Back in December the government unveiled its plans for value-based pricing - which is to replace the current Pharmaceutical Price Regulation Scheme when it expires in 2014 - and has opened a consultation on its ideas.
Under the new system, it is envisaged that the National Health Service will pay for medicines based on an assessment of its value, determined by the benefits for the patient and society as a whole, unmet need and therapeutic innovation.
The idea is, that such a scheme will help to equalise the provision of medicines throughout the country and thereby eradicate the postcode lottery of care, as well as incentivise research and drive innovation while giving the NHS better value for money.
But in an article published by the Health Services Journal, Edwards has raised concern with many aspects of the VBP proposals.
For one, he says, the policy doesn’t set a value-based price for drugs, but a maximum ceiling price that the health service is prepared to pay. "What one might have expected is a target cost per quality adjusted life year with drug prices adjusted to a level that achieved this," he noted.
In addition, it seems that VBP will only be applied to new drugs (new active substances) coming onto the market, while everything else will remain subject to a revised PPRS scheme. "The fact that a price for a drug will be based on an estimation of value does not mean that it is rational to spend money on it if alternative drugs or treatments provide greater benefit for a patient at a lower cost.

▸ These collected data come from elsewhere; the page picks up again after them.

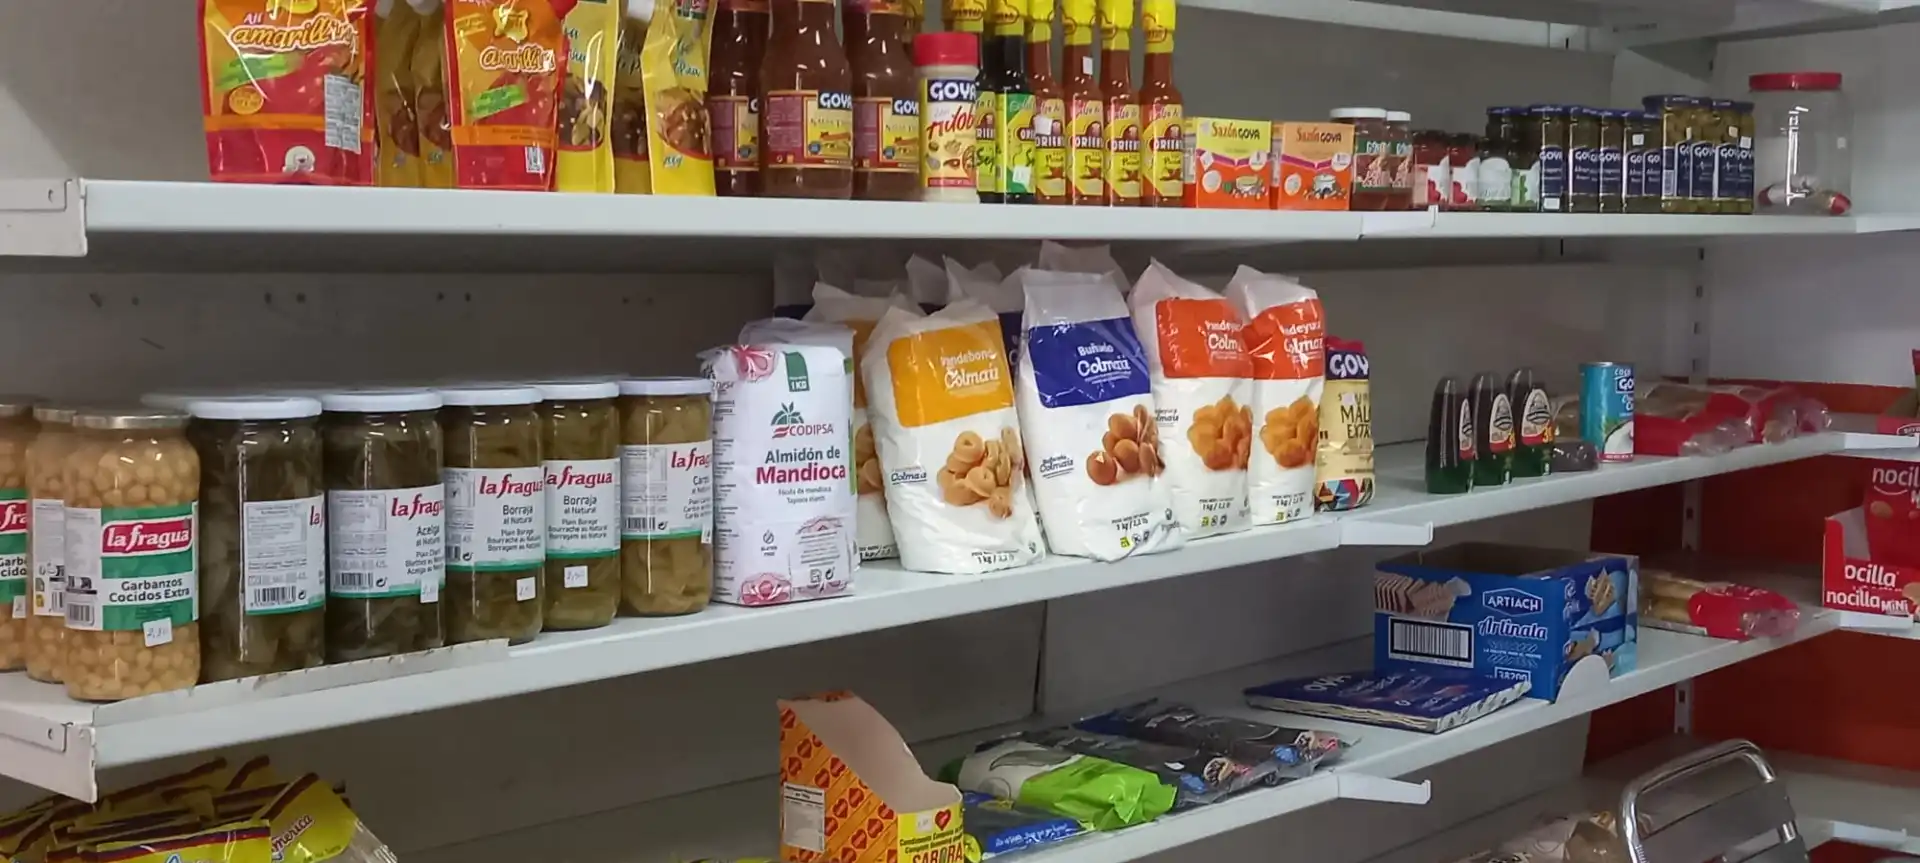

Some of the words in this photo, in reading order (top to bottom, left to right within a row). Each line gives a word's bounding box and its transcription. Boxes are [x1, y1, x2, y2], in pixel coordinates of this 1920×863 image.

[1238, 130, 1261, 141] GOYA
[1320, 132, 1342, 143] GOYA
[790, 424, 834, 437] CODIPSA
[765, 447, 823, 464] Almidón
[826, 446, 841, 459] de
[757, 462, 845, 485] Mandioca
[564, 495, 598, 506] Borraja
[121, 578, 183, 592] Garbanzos
[109, 591, 162, 603] Cocidos
[164, 587, 190, 599] Extra
[1826, 588, 1881, 608] nocilla
[1488, 595, 1539, 612] ARTIACH
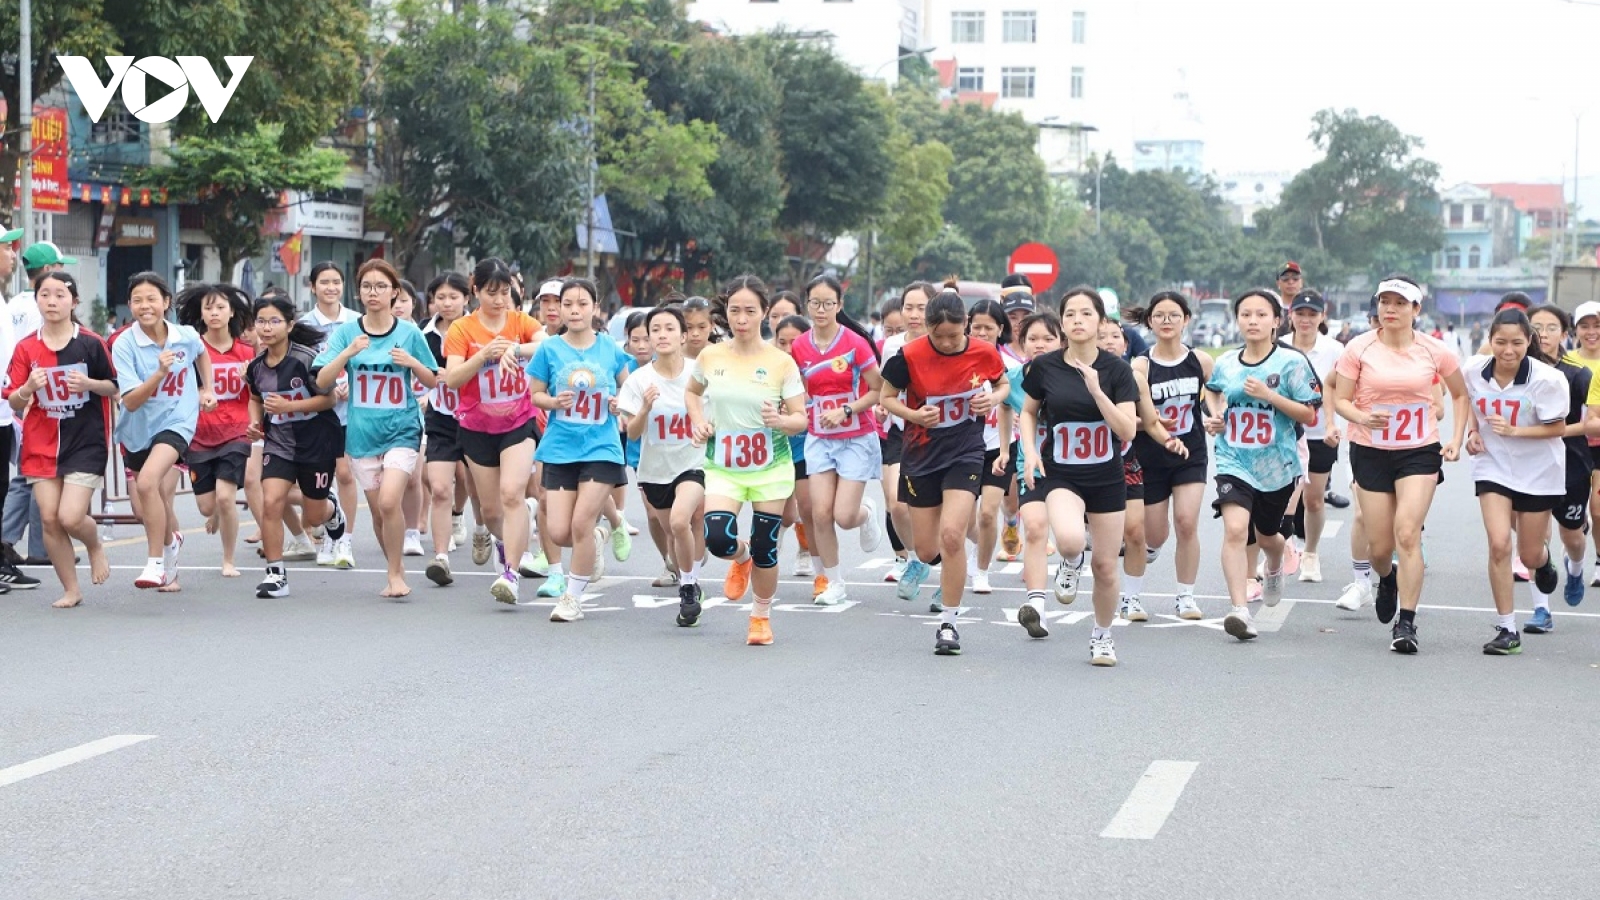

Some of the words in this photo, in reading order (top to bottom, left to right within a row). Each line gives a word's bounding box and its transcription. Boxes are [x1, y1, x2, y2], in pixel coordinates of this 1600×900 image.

[44, 370, 84, 402] 15
[357, 373, 404, 404] 170
[484, 366, 527, 399] 148
[1058, 424, 1109, 460] 130
[1228, 411, 1273, 445] 125
[721, 431, 768, 468] 138
[314, 471, 329, 489] 10
[1564, 503, 1583, 521] 22
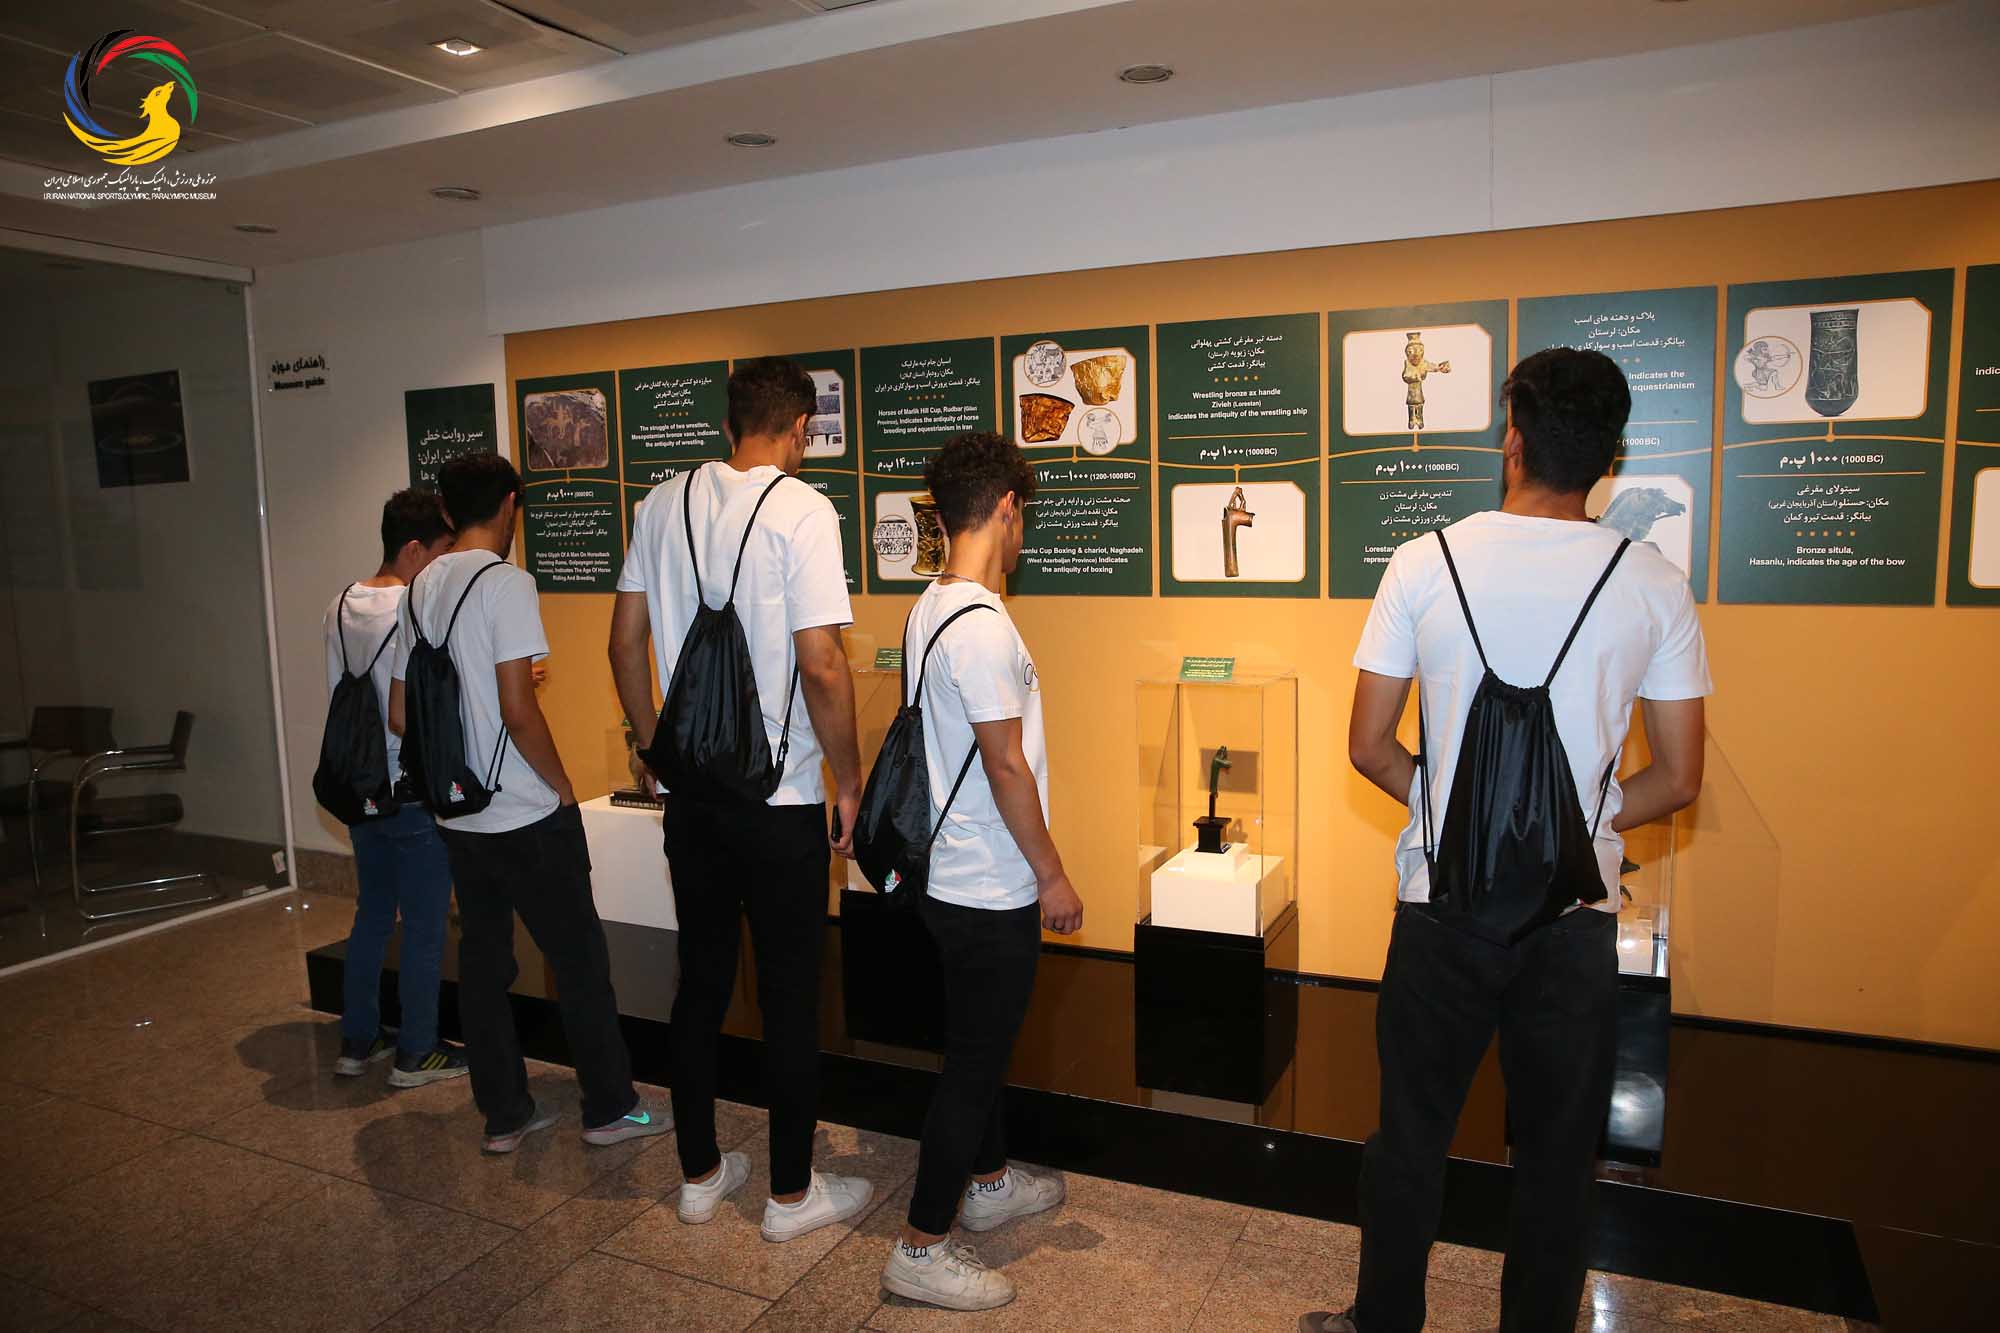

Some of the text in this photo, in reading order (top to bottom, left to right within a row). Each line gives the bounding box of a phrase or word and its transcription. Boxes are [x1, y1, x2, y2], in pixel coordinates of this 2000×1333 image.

[1574, 311, 1656, 326] پلاک دهنه های اسب
[1588, 326, 1641, 339] مکان: لرستان
[1214, 337, 1232, 347] کشتی
[1617, 340, 1635, 348] اسب
[1636, 338, 1659, 346] قدمت
[1660, 337, 1685, 348] بیانگر:
[272, 356, 325, 375] راهنمای موزه
[1208, 362, 1226, 372] کشتی
[1227, 361, 1245, 369] قدمت
[1670, 370, 1685, 378] the
[1632, 382, 1695, 392] equestrianism
[1192, 391, 1223, 399] Wrestling
[1210, 410, 1238, 419] antiquity
[1260, 408, 1292, 417] wrestling
[1292, 407, 1308, 415] ship
[918, 425, 955, 433] equestrianism
[420, 428, 483, 446] سیر روایت خطی
[1380, 489, 1452, 500] تندیس مفرغی مشت زن
[1797, 484, 1860, 496] سیتولای مفرغی
[1394, 502, 1437, 512] مکان: لرستان
[1838, 499, 1865, 509] حسنلو
[1866, 498, 1889, 508] مکان:
[1381, 516, 1392, 525] زنی
[1411, 516, 1430, 525] ورزش
[1431, 515, 1451, 524] بیانگر:
[1783, 513, 1802, 523] کمان
[1847, 512, 1872, 523] بیانگر:
[1828, 546, 1854, 554] situla,
[1749, 559, 1785, 567] Hasanlu,
[1787, 558, 1825, 566] indicates
[1826, 558, 1840, 566] the
[1842, 559, 1858, 567] age
[1870, 558, 1885, 566] the
[978, 1177, 1005, 1192] POLO
[902, 1243, 927, 1258] POLO

So, there could be far better alternatives for commissioners to spend their money on", he points points out.
Encouraging innovation - really?
In terms of innovation, the government argues that paying a premium for this will incentivise research. "But the UK equates to a mere 3.5% of the global pharmaceutical market and the idea that a premium on just one product in an already small market will increase research and development may be overly optimistic," Edwards argues.
Moreover, he points out that rewards for getting a new drug onto the market come from products sales, so "rewarding innovation, regardless of the almost impossible task of defining it, looks unnecessary".
Edwards also questions how the policy will address: different response rates to a particular drug; medicines, such as Roche's Avastin, that have multiple uses; and what happens when clinical practice changes opinion on a drug's effectiveness or cost.
Crucially, while the reforms are designed to cut back on postcode prescribing, the fact that 250 or more commissioning consortia will be making individual purchasing decisions could well mean they will have the opposite effect, Edwards warns, and says the government's consultation "has raised more questions than it answers".
“There are lots of unanswered questions about Value Based Pricing", a spokesman for the Association of the British Pharmaceutical Industry told PharmaTimes UK News.
"We do, however, disagree with the view that a new system for drug rationing is needed. The vision for Value Based Pricing is to improve patient access to cost-effective medicines. Medicines in the UK are among the cheapest in Europe, yet the UK lags behind in the uptake of new innovative medications and in some patient survival rates – for example cancer".
"While we agree that other issues such as earlier diagnosis are crucial, it is the whole patient pathway that needs to be viewed in a holistic manner – it should not be an either or situation,” the spokesperson stressed.